Na década dos 70, começaram a surgir importantes movimentos contra a psiquiatria institucionalizada, na Europa e particularmente nos EUA. Juntamente com a psicocirurgia, a terapia por eletrochoque foi denunciada pelos partidários dos direitos humanos, e o mais famoso libelo de todos foi um romance escrito em 1962 por Ken Casey, baseado em sua experiência pessoal em um hospital psiquiátrico no Oregon. Intitulado "One Flew Over the Cuckoo's Nest", o livro foi posteriormente roteirizado em um filme de grande sucesso, dirigido pelo tcheco Milos Forman, que recebeu no Brasil o título de "Um Estranho no Ninho ", com o ator Jack Nicholson. Uma exposição desfavorável na imprensa e na TV desembocaram em uma série de processos jurídicos por parte de pacientes envolvidos em abusos da terapia por eletrochoque.
Em meados de 1970, a terapia por eletrochoque estava derrotada como prática terapêutica. Em seu lugar, os psiquiatras passaram a fazer um uso cada vez maior de novas drogas poderosas, tais como a torazina e outros fármacos antidepressivos e antipsicóticos.

Espero ter contribuído de alguma maneira para esclarecer meu ponto de vista sobre o assunto. Espero também que quanto antes, possam perceber as possibilidade de tratamento desumano, por detrás dessa abertura para “tratar” os portadores de transtornos mentais com a ECT. Já que não podemos afastar da medicina esses sádicos, vamos abolir o eletro-choque.

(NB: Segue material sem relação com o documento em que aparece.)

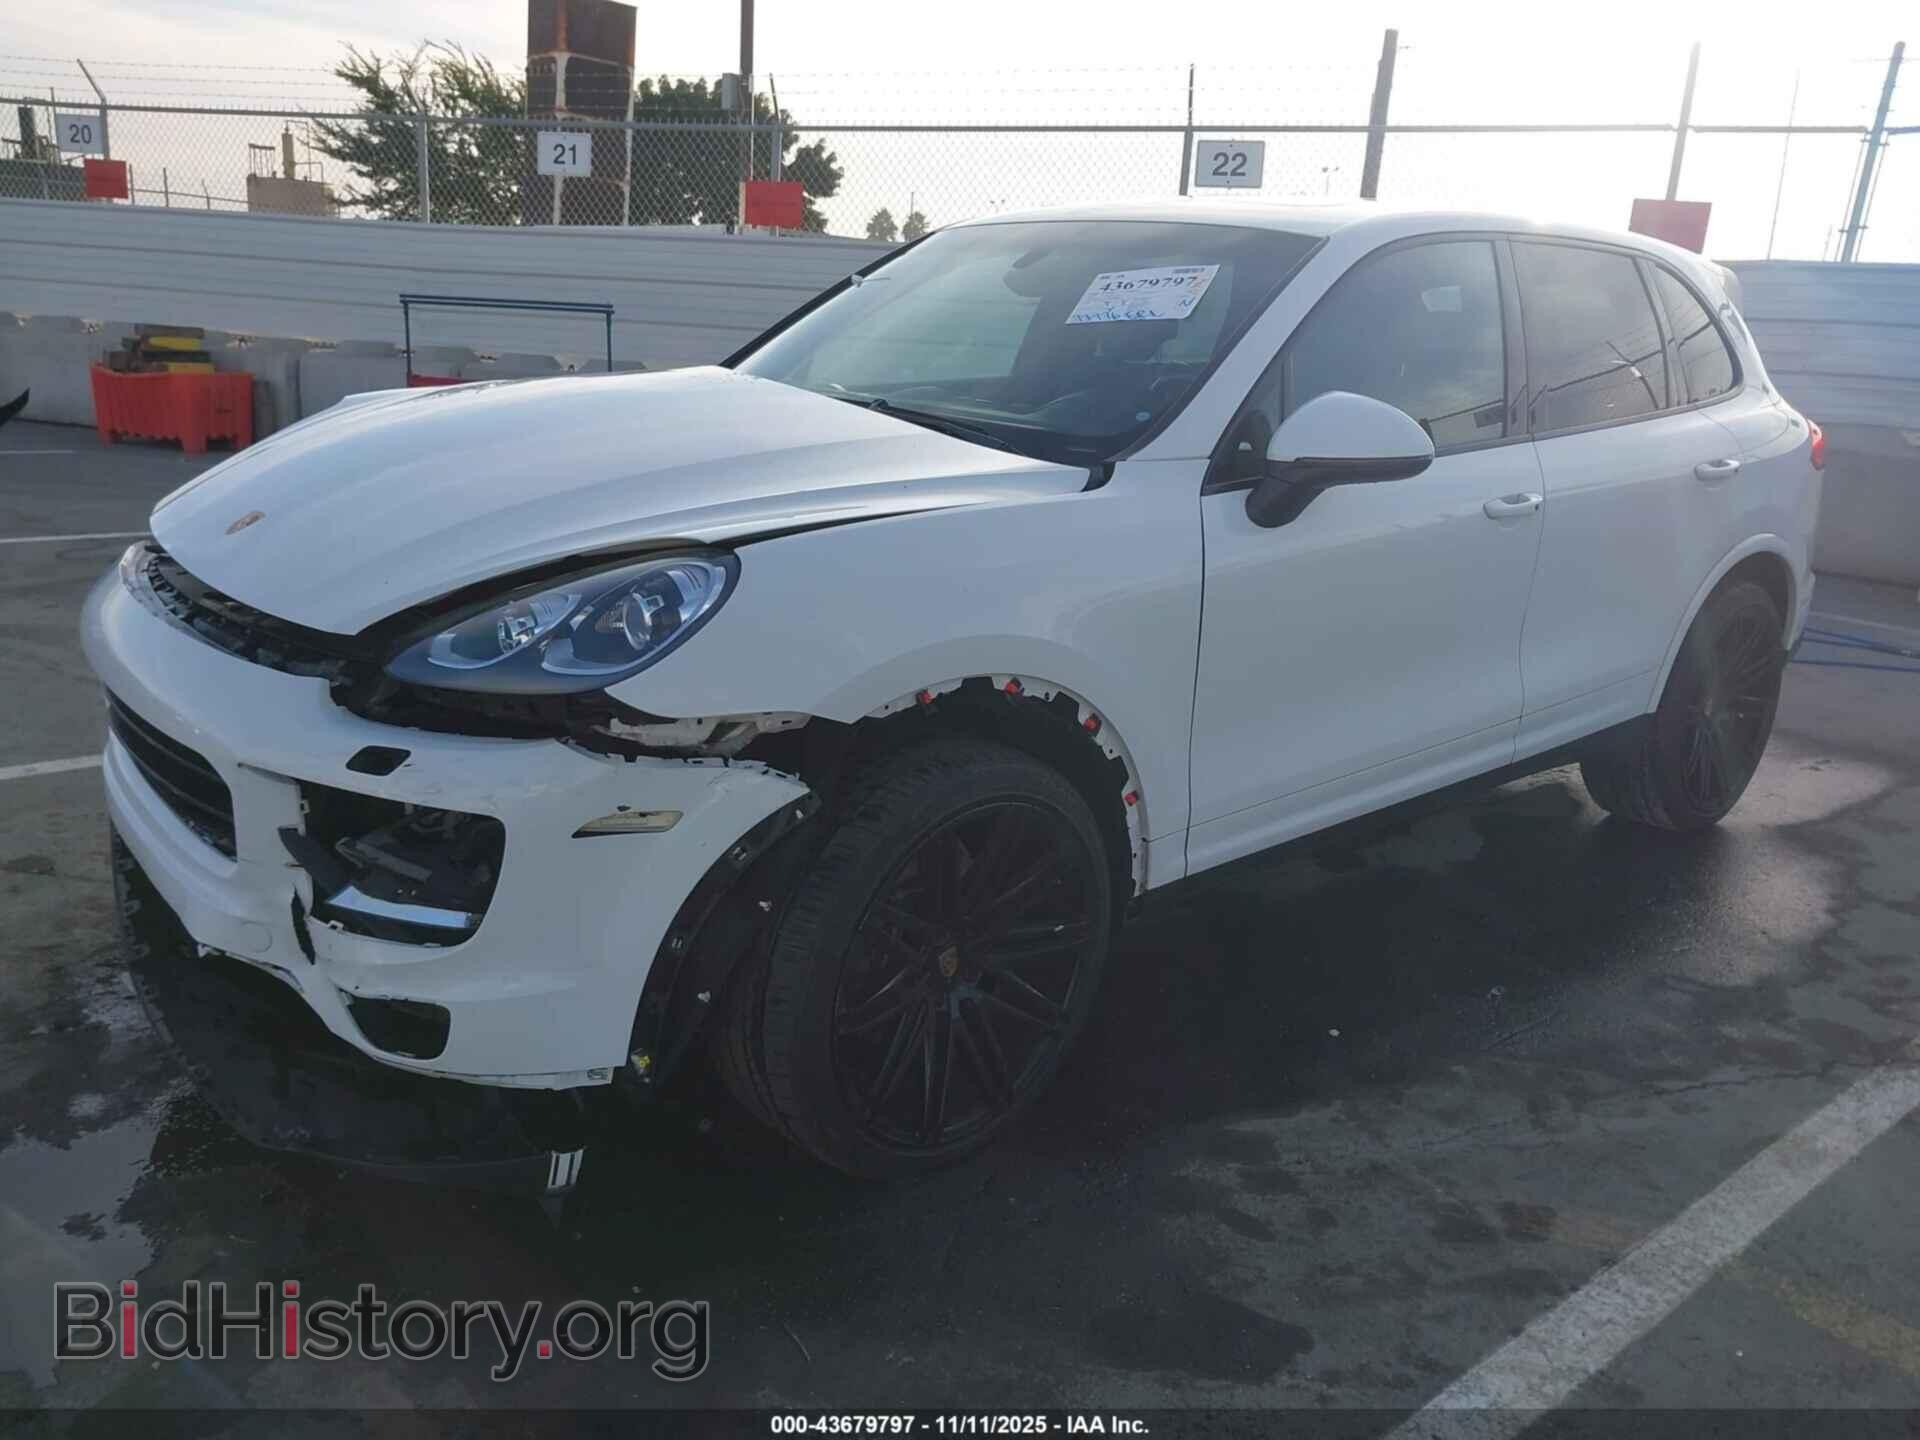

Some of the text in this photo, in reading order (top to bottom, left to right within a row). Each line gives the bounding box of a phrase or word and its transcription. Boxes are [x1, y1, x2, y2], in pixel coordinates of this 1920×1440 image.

[69, 123, 92, 144] 20
[553, 144, 577, 165] 21
[1212, 151, 1248, 176] 22
[1099, 275, 1198, 293] 43679797
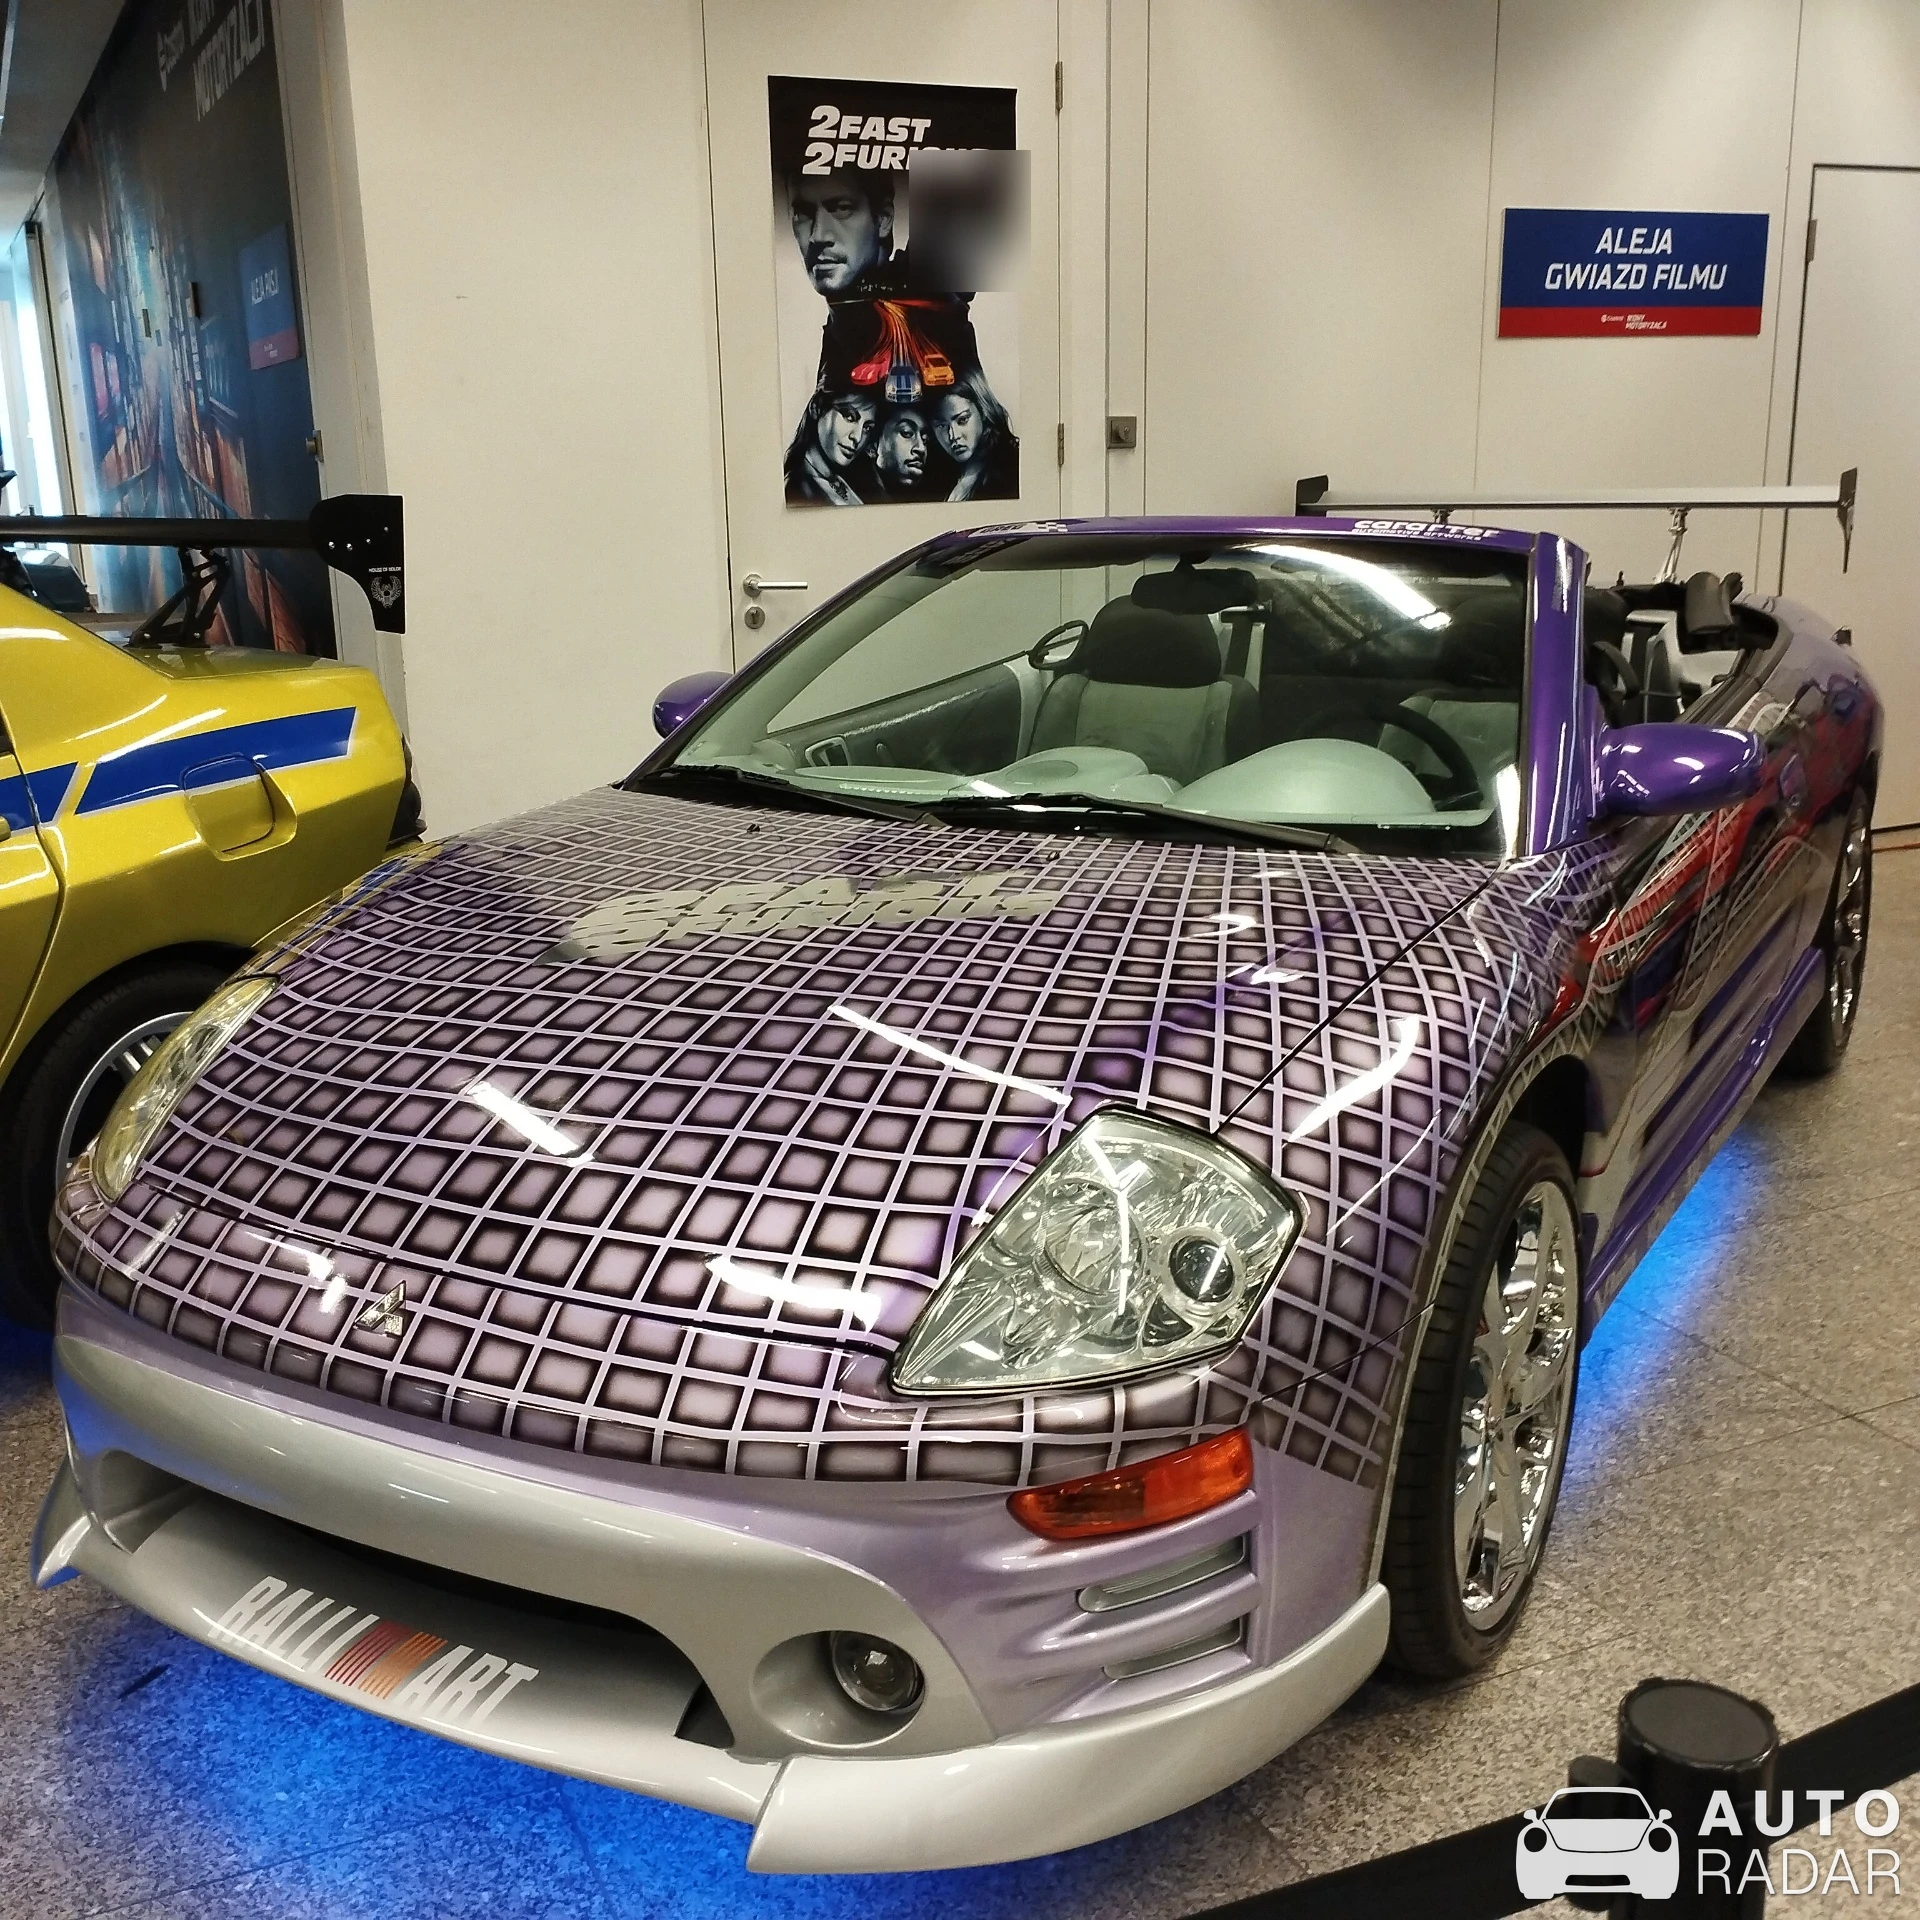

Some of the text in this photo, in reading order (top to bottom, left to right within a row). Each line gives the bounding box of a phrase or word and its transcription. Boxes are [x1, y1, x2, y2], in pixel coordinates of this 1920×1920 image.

[1595, 227, 1672, 255] ALEJA
[1545, 263, 1728, 290] GWIAZD FILMU
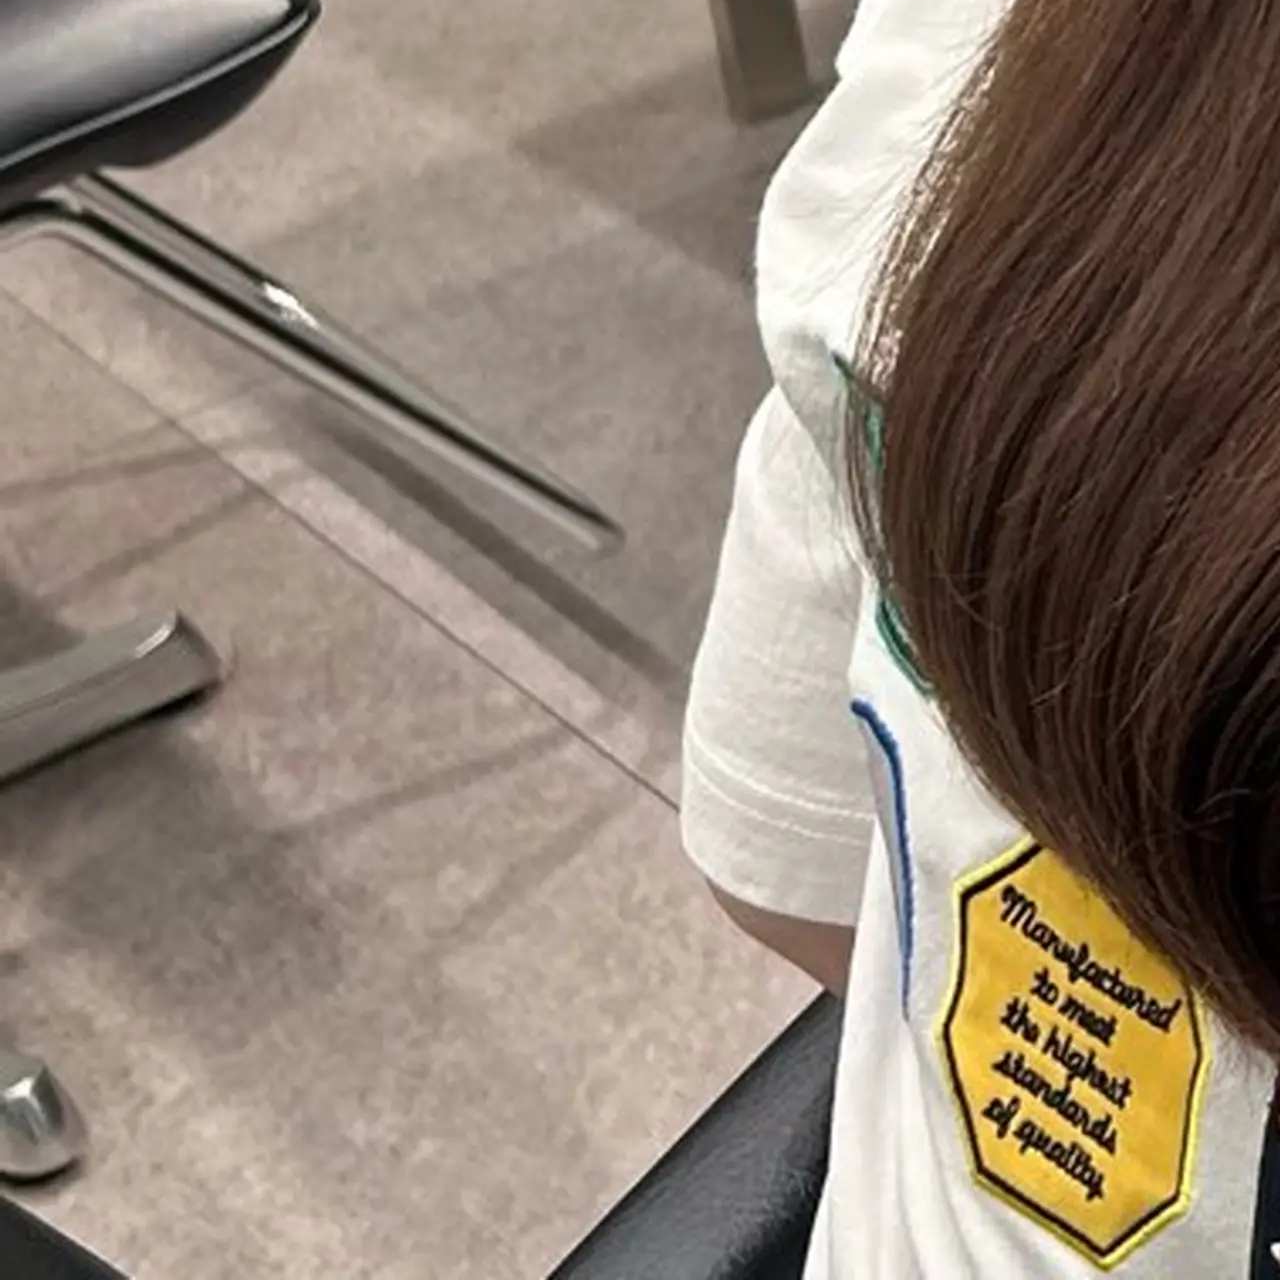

Ah, e só para não perder o jeito, manicômio nunca mais.

Nilo Marques de Medeiros Neto
Militante da Luta Antimanicomial
Florianópolis, 21 de Novembro de 2002

Um comentário:

Anônimo disse...

Belo texto..mt esclarecedor sobre os atuais metodos utilizados pela psiquiatria..
Aquela parte do medico do Ceara é q não concordei muito..não importa se é do nordeste ou sudeste sempre existem profissionais anti-eticos.
Sem contar que os medicos de lá(nordeste)sao em sua maioria gente formada no sul.Isso é fato.
Espero que o mais antes sejam descartos medotos tao desumanos e se em casos são eficaz que seja usado de maneira bem mais controlada...concordando com tal medotos desde modelo e feito uma inutilização da psicologia,e isso é + uma coisa q por + q os medicos tentem não vao descarta.
Psicologia é uma ciencia por si só HUMANA...E tenta cura o pasciente e n camuflar os sintomas atraves de remedios e outras coisas no mesmo perfil.
A LUTA Antimanicomial e maravilhosa...valoriza o ser humano enquanto gente...Manicomios tem que para de ser armazem de gente não aceito pela familia,tem que para de ser uma válvula de escape p quem n tem amor ou pai,mae....Esta + q provado q pascientes em ambiente familia,de amor...reagem bem,melhoram e até ficam boas.
O ser humano tem q ser + humano.
Parabéns pelo blog..muito esclarecedor mesmo.